AIM OF THE TASK: Check the listing below for lines with the word "words" and say how many there are, with nothing but the number.

RECORDS FOR THE TASK:
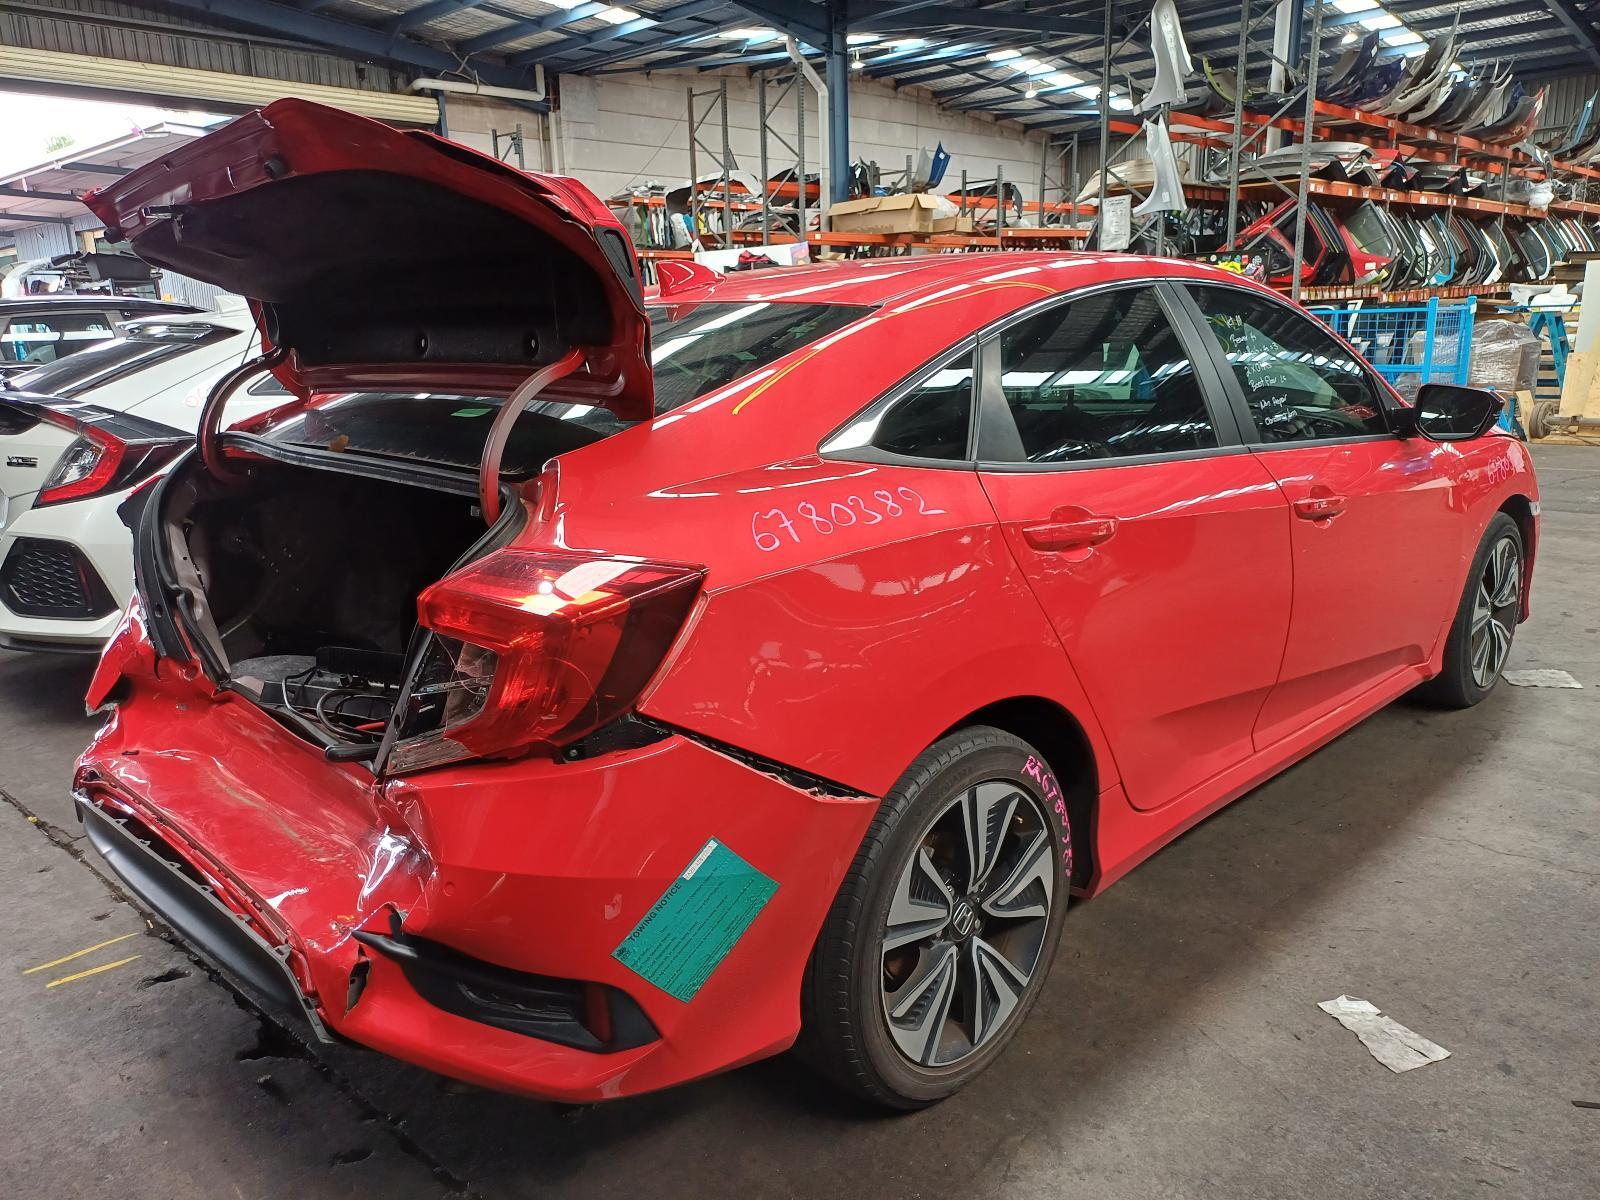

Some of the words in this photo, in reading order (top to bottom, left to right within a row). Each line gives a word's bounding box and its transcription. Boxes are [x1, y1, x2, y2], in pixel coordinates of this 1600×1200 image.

* * *

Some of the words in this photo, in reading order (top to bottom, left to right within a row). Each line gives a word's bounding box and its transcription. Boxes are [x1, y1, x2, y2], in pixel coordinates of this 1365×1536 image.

--

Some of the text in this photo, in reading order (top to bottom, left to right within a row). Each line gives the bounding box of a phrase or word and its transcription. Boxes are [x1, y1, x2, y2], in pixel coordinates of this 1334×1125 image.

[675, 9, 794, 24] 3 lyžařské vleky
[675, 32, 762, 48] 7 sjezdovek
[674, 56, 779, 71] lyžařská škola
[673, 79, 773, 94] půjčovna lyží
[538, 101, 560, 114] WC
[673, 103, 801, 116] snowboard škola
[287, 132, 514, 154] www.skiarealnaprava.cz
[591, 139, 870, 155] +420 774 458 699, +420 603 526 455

TASK ANSWER: 2